De l’orage en fureur ne cessait de tonner.

« Un semblable retard ne doit point étonner,
Dis-je à la pauvre femme ; après tout, la tempête,
Terrible comme elle est, à Fécamp les arrête...
Puis un verre devin, offert au cabaret...

— Avant de me revoir ?... Jamais il ne pourrait ! »

Et, sans un mot de plus, elle demeura sombre,
Aux carreaux ruisselants cherchant à percer l’ombre.

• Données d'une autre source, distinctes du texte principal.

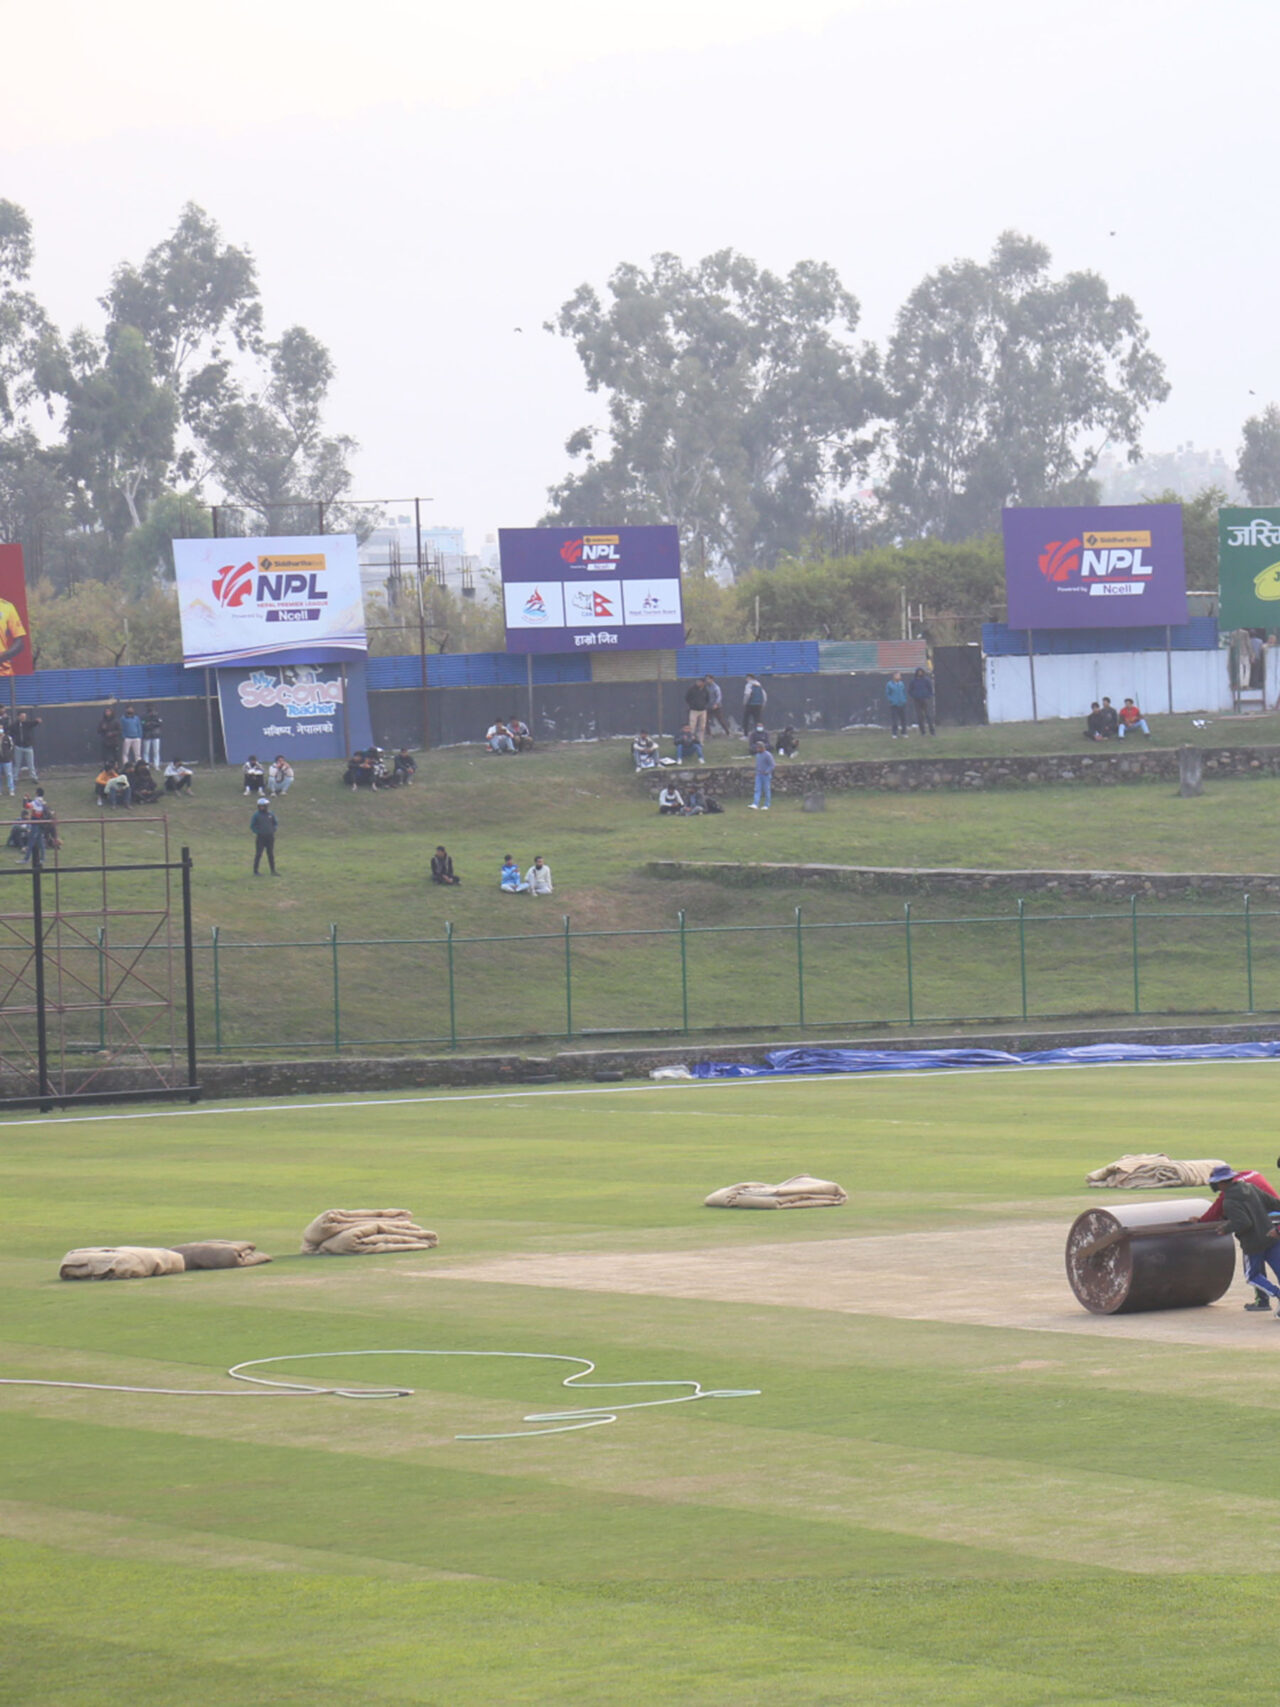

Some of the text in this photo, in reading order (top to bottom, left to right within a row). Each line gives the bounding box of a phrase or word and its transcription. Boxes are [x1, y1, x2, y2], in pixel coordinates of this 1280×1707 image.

[582, 545, 620, 560] NPL
[1081, 549, 1153, 576] NPL
[256, 573, 328, 601] NPL
[1103, 584, 1132, 594] Ncell
[278, 610, 309, 621] Ncell
[249, 670, 276, 690] My
[238, 677, 345, 708] Second
[286, 703, 335, 717] Teacher
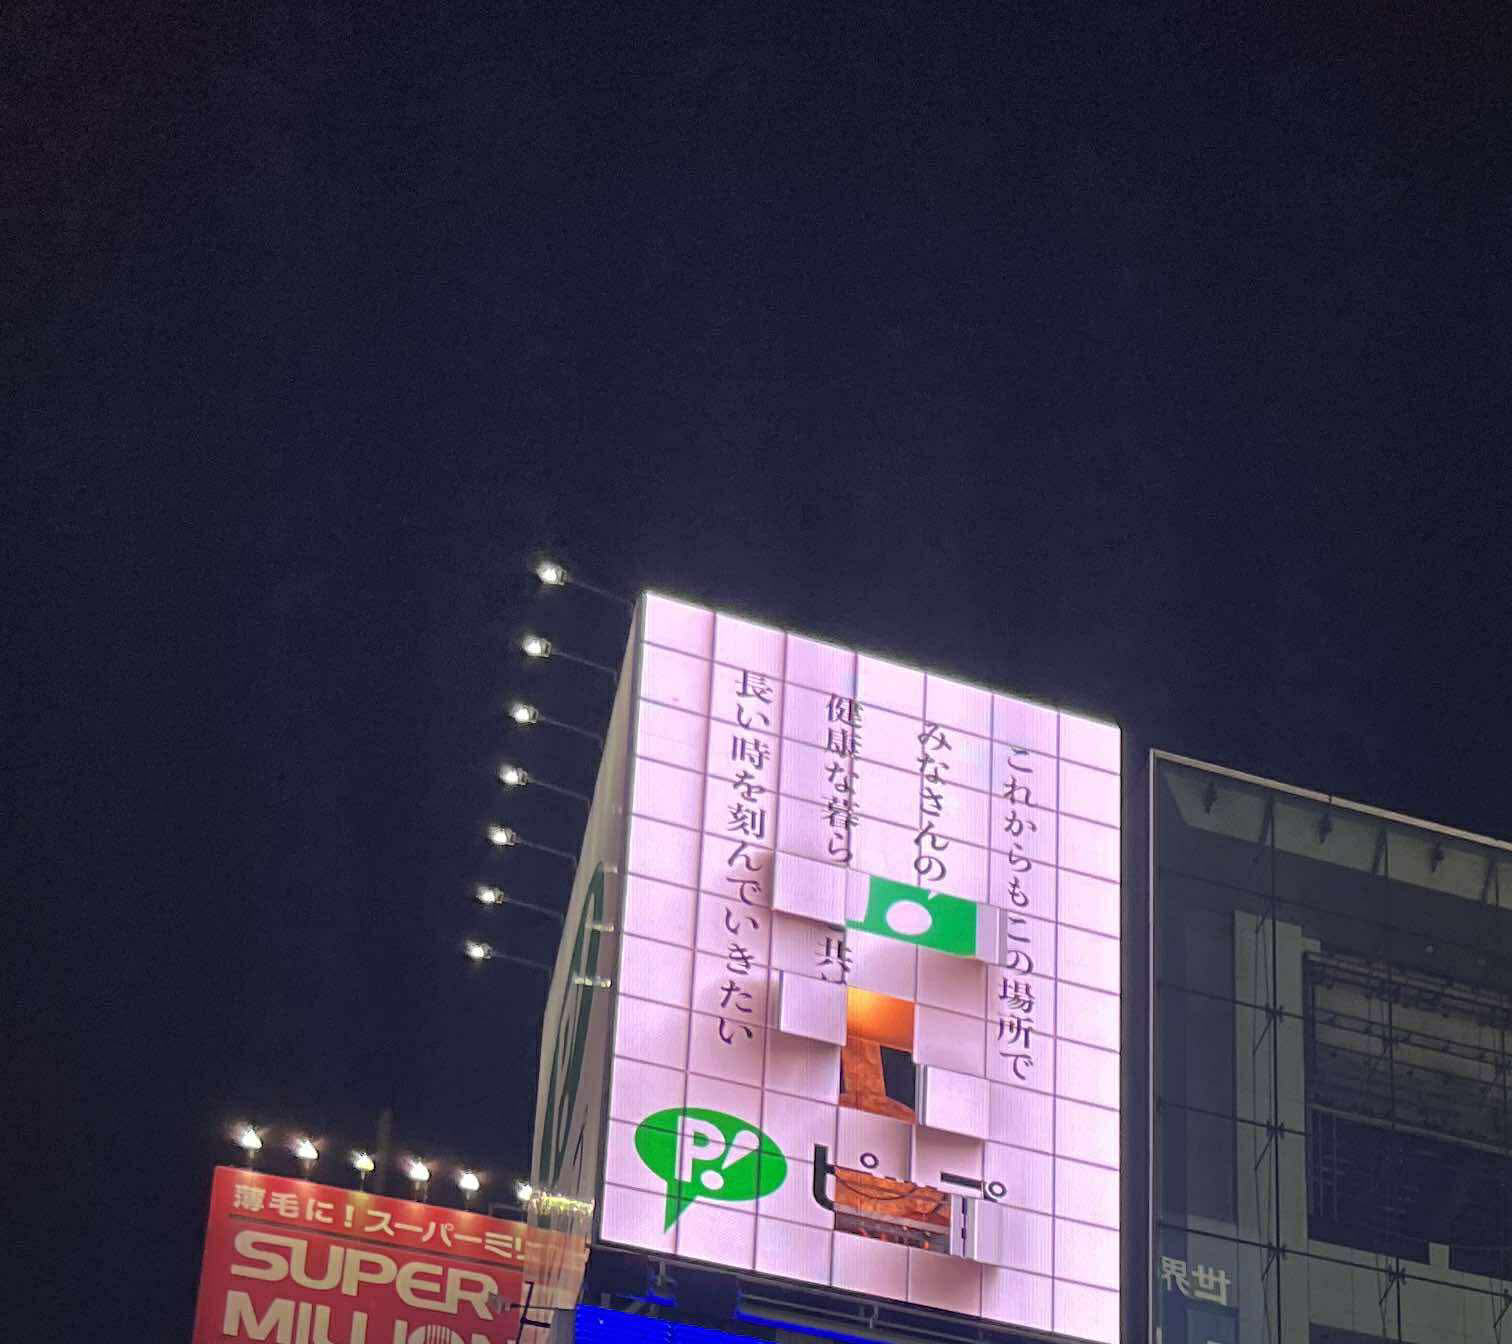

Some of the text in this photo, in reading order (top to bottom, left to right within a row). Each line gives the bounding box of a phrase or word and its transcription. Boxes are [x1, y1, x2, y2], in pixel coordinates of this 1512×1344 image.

[718, 670, 773, 1045] 長い時を刻んでいきたい
[911, 721, 953, 881] みなさんの
[997, 747, 1039, 1082] これからもこの場所で
[230, 1230, 498, 1321] SUPER
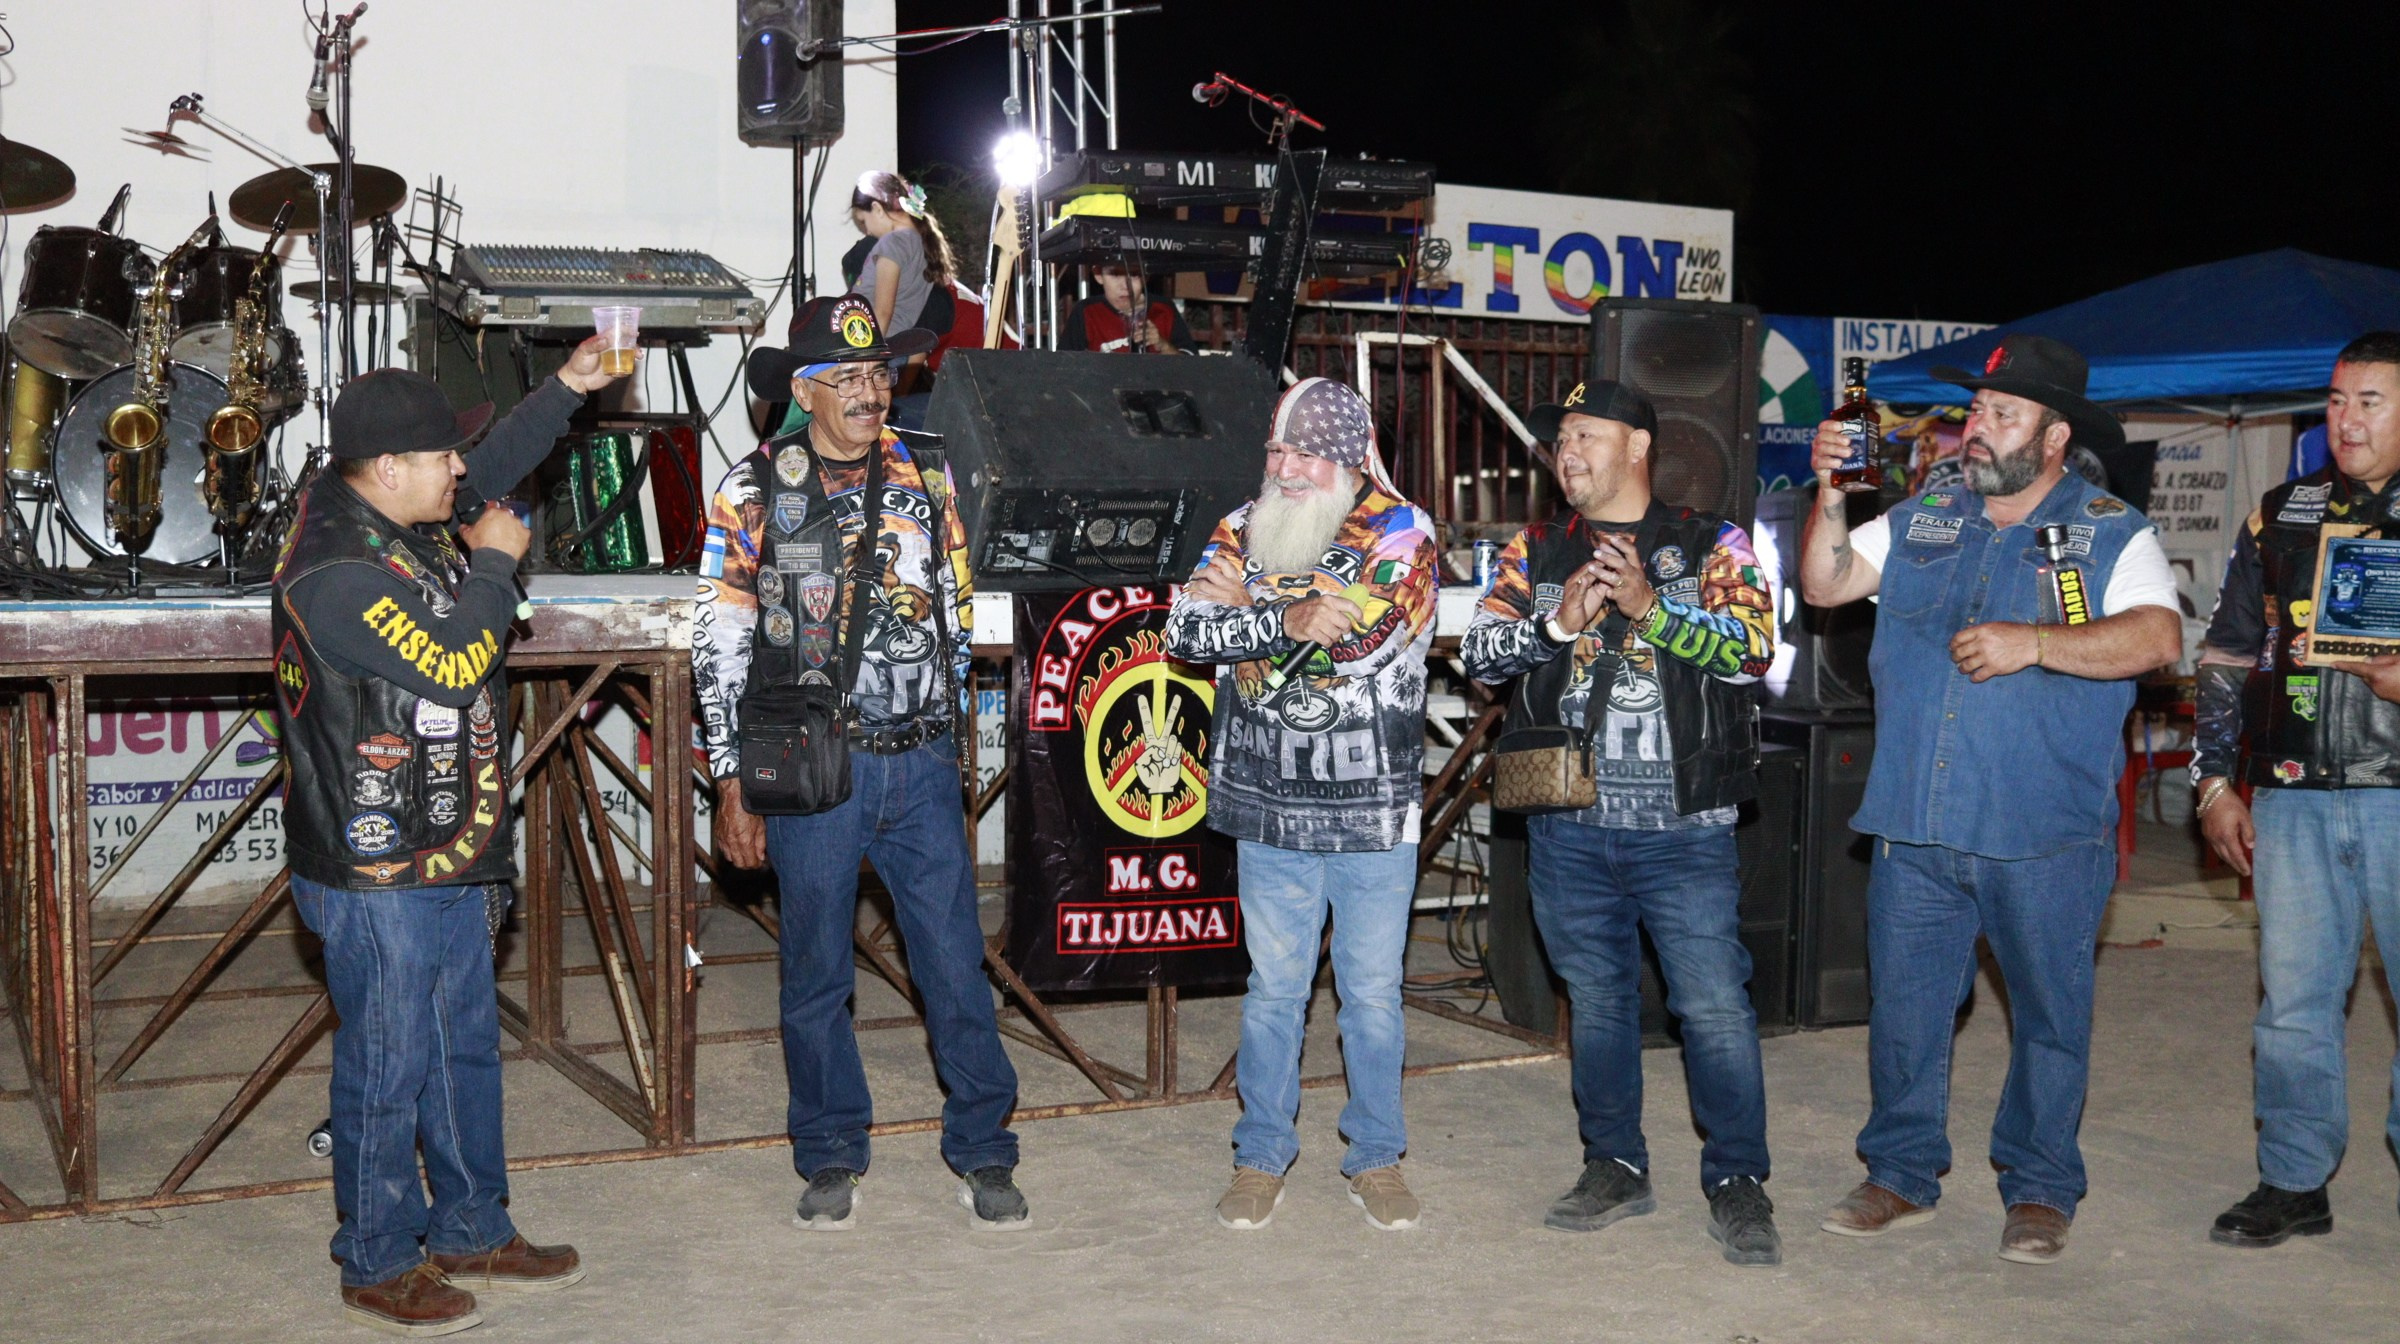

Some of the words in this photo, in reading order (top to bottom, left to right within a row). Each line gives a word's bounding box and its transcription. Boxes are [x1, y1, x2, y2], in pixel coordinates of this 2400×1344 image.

[1177, 160, 1216, 187] M1
[1686, 247, 1721, 271] NVO.
[832, 301, 852, 331] PEACE
[1914, 515, 1959, 530] PERALTA
[780, 547, 819, 555] PRESIDENTE
[362, 596, 499, 691] ENSENADA
[1331, 606, 1406, 663] COLORADO
[1642, 607, 1745, 674] LUIS
[1034, 583, 1156, 726] PEACE
[151, 786, 162, 802] y
[1279, 780, 1379, 801] COLORADO
[93, 816, 108, 838] Y
[115, 815, 138, 837] 10
[1108, 855, 1152, 892] M.
[1158, 854, 1197, 889] G.
[1061, 906, 1229, 944] TIJUANA

Tout à coup, au dehors, on frappa rudement.
« Lui ! dit-elle, c’est lui ! »
                                         Mais, dans l’encadrement
De la porte, apparut la taille maigre et haute
Du père Jean, le vieux douanier de la côte,
Tout inondé de pluie, et le fusil baissé.
« Et Pierre ? » dit Gervaise.

                                         Alors, embarrassé,
Le douanier, debout sur le seuil de la porte :

« Votre homme ?... Il va venir... La marée est très forte
Et cause son retard et celui des amis... »
Puis, s’avançant vers moi: « Le facteur m’a remis
Cette lettre pour vous, » me dit-il à voix basse.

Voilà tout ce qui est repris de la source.